Flight attendants are “highly offended” at American Airlines over disparities in treatment between themselves and pilots as well as about their working conditions and options for leave.
In an open letter written by Lori L. Bassani, National President of the Association of Professional Flight Attendants (APFA), Bassani tears into American Airlines, arguing that the airline has put flight attendants at risk and treated them poorly.
“We are highly offended that the company offered the pilot group financial benefits for two of the pilot options and would not consider the same for our group. This is a slap in the face for our members who are keeping this airline in the air—- and it severely underestimates our relevance during this or any crisis.”
Let me start with a plea. Let’s remember that flight attendants are human beings, often with families to support, and facing a dire situation. I know (well) there are bad apples; those who provide poor service and have no business serving in customer-facing role. But One Mile at Time covered this story as well and one comment after another seemed to delight in the calamity and suggested flight attendants are getting what they deserve. Let’s remember that this situation is far beyond the control of front-line workers but impacts them hardest.
As to the offense expressed by Bassani above, there are two elements to consider. First, it is true that flight attendants are keeping American Airlines in the air during this time. If FAs refused to come to work, citing reasonable safety concerns and social distancing recommendations, flights would be grounded. Second, however, is that flight attendants and pilots are very different roles.
Rather than saying flight attendants are expendable and pilots are not (because we are all expendable to some degree), I’d simply point out that pilots are trained and certified for one (or sometimes two) aircraft types. This is extensive training and more senior pilots tend to fly larger aircraft. Now imagine if AA determined it needed to furlough pilots and had to do so based upon seniority. You’d have a bunch of 777, A330, and 787 captains sitting idle (since those aircraft are largely grounded) and have to retrain them to fly the 737s and A319s that are sill in the air. That’s just not at all practical. Meanwhile, flight attendants can fly all mainline aircraft.
American Airlines Endangering Flight Attendants?
“During this global pandemic, our members’ jobs are inherently at higher risk. The nature of our jobs is to work in closed environments with hundreds of people, all in close proximity of each other. To exacerbate that situation, our company designed the interiors of our aircraft by stuffing in as many seats as possible, with passenger seats encroaching on our jump seat areas, airplane aisles more narrow than ever, and severely reducing space in galley areas, bathrooms, and spaces for passengers to wait in line for restrooms.”
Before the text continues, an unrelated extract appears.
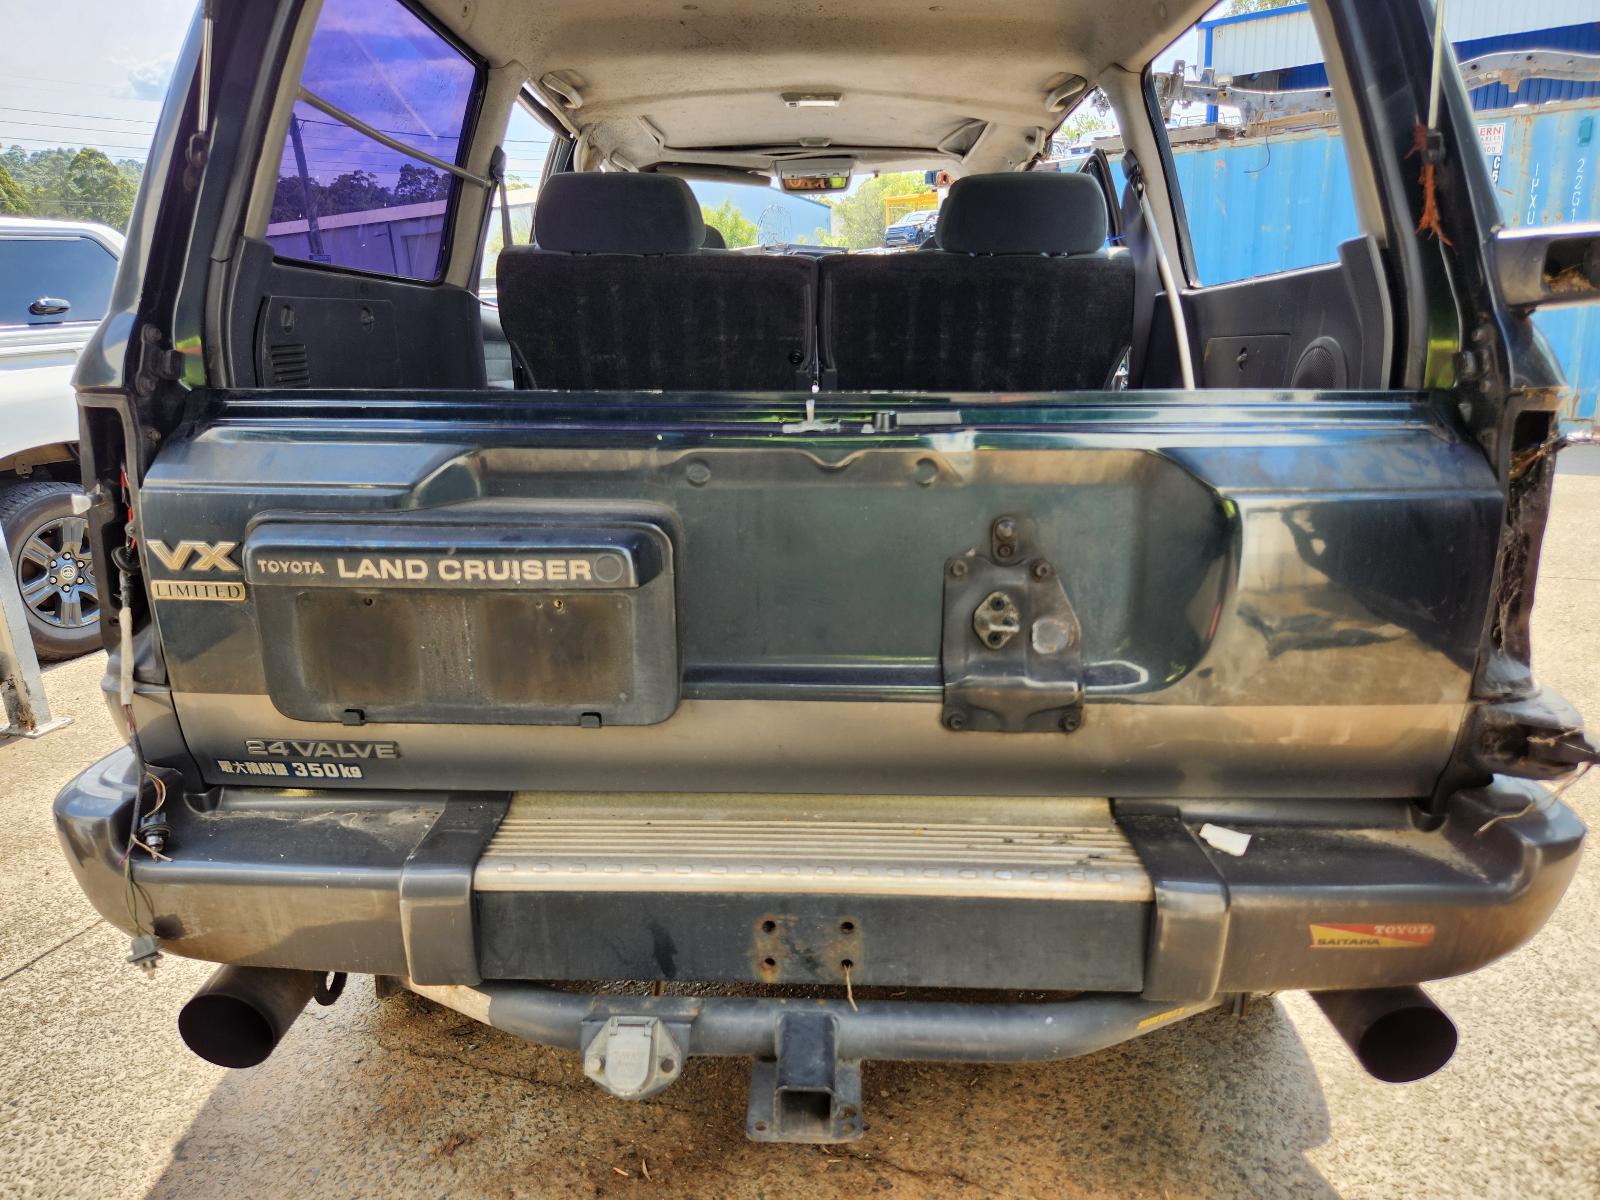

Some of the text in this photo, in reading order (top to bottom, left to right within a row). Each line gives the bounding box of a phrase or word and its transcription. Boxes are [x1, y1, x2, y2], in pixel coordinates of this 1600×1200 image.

American Airlines, in particular among legacy carriers, has crammed more seats into airplanes and reduced the size of lavatories, galleys, and aisles. However with low load factors this becomes less of an issue. Instead, the issue is still that flight attendants are exposed to passengers, and therefore also potentially COVID-19, much more so than pilots are.
“Many of our flight attendants are in the high-risk age category, flying at an older age than ever before because their pensions were stripped or frozen during the last crisis and they cannot afford to retire. It is time that we are recognized for our full worth.”
I agree, in the sense that flight attendants did sacrifice so much during the last round of bankruptcies and many cannot afford to retire. I’m not sure what an airline is to do, though, when its planes are flying empty and new travel restrictions are being levied each day.
What American Airlines Flight Attendants Want
Bassani outlines four flight attendant demands:
- Reduced services on our flights to minimize close interaction with passengers
- Hazard pay for those who cannot take leaves and must fly to pay their bills
- Sufficient precautionary supplies for flight attendants
- Expanded protection for members who test positive for COVID-19 or are quarantined
I’d say reduced service, sufficient supplies, and expanded protection are all reasonable. But hazard pay? Won’t that simply reward the few (who are not coincidentally in the highest risk age category) at the top of the pyramid who will retain their jobs if most are furloughed?
That’s the tension, isn’t it? Any furlough would leave the most highly-paid and most at-risk flight attendants still on the job. That alone should probably prompt American to offer something more generous to convince more senior FAs to step aside, hopefully just on a temporary basis.
I feel so bad for flight attendants right now, even as workers across the economy face dire prospects. But FAs are being asked to come to work each day, put themselves at risk, and live in fear that their jobs may soon evaporate. Talk about a toxic combination…
Rather than celebrate that the bad apples may finally be plucked, we should mourn that the many wonderful flight attendants who fly for American (and other airlines) may soon find themselves out of a job with families still depending upon them for support.